[Stored data entries]
-.-.-
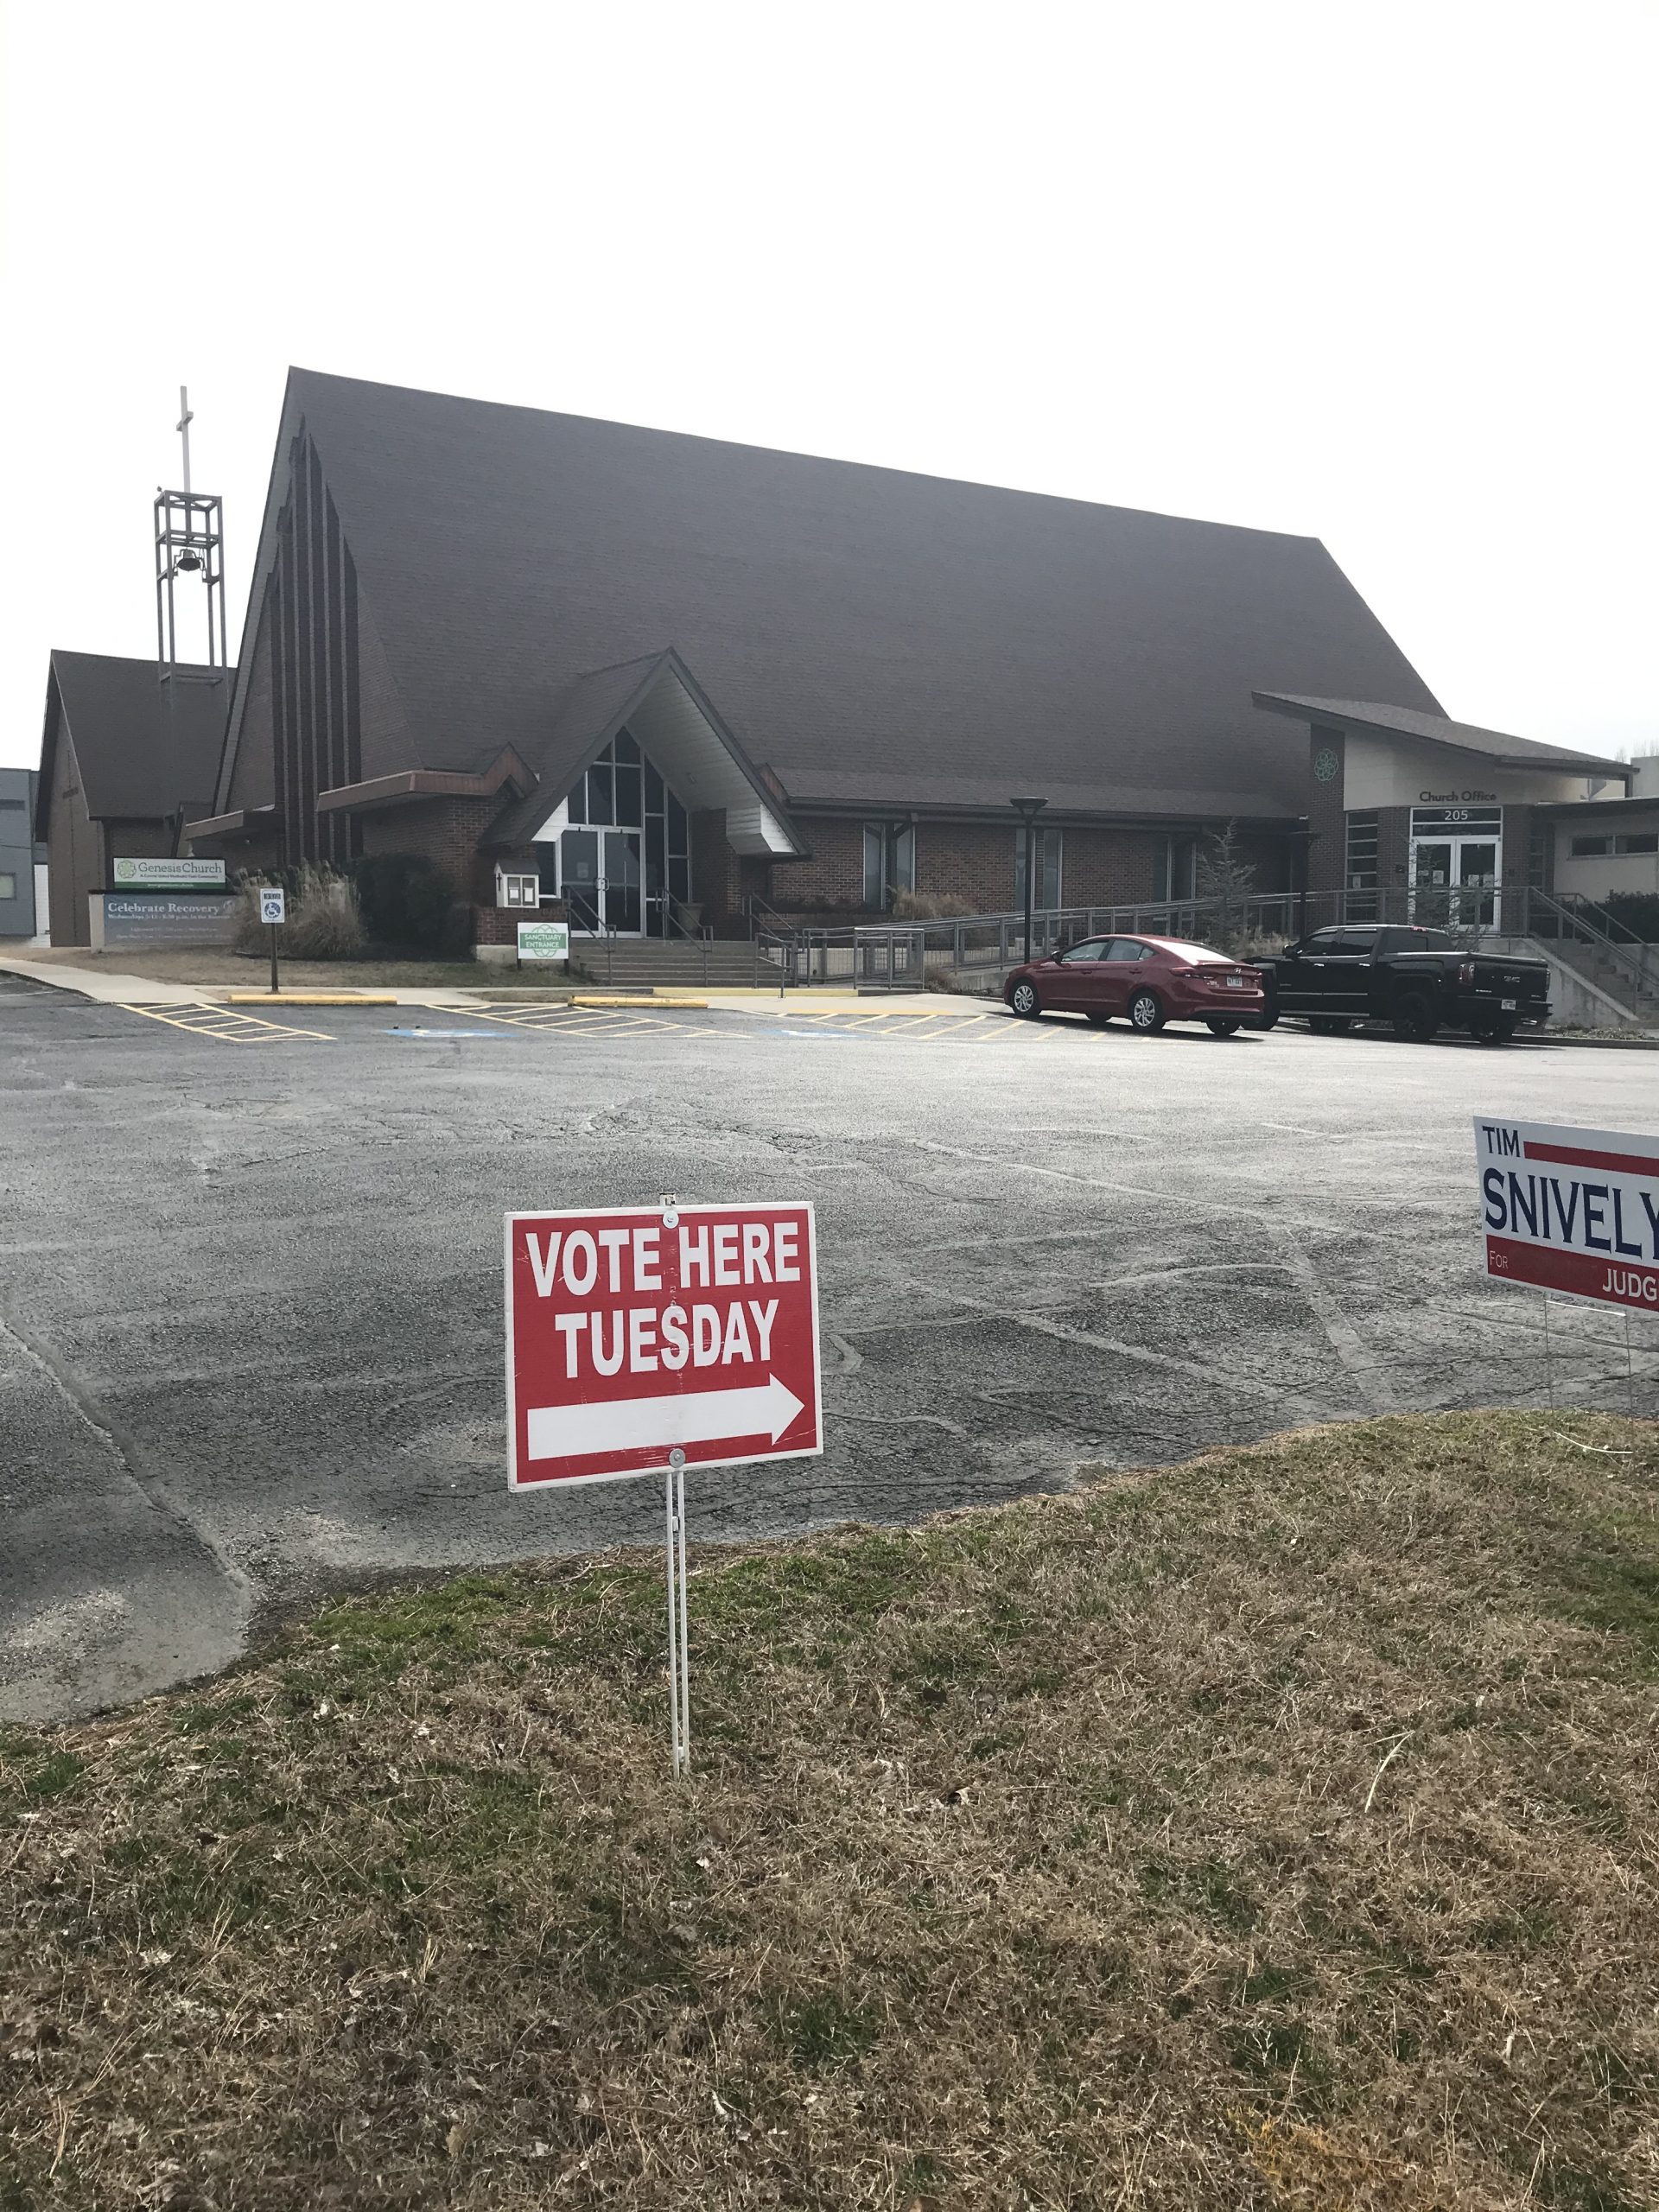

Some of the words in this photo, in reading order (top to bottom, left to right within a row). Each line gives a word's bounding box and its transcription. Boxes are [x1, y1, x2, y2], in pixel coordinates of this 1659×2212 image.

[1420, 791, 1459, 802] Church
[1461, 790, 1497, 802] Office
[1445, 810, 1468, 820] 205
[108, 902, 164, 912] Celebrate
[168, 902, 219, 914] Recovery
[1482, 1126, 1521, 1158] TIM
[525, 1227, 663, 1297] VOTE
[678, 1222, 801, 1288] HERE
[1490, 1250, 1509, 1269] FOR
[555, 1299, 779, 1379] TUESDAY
-.-.-
What to produce →
Word for word, reproduce all of the entries above and omit the pictures.

Task answer →
Some of the words in this photo, in reading order (top to bottom, left to right within a row). Each line gives a word's bounding box and its transcription. Boxes are [x1, y1, x2, y2], in pixel coordinates of this 1659×2212 image.

[1420, 791, 1459, 802] Church
[1461, 790, 1497, 802] Office
[1445, 810, 1468, 820] 205
[108, 902, 164, 912] Celebrate
[168, 902, 219, 914] Recovery
[1482, 1126, 1521, 1158] TIM
[525, 1227, 663, 1297] VOTE
[678, 1222, 801, 1288] HERE
[1490, 1250, 1509, 1269] FOR
[555, 1299, 779, 1379] TUESDAY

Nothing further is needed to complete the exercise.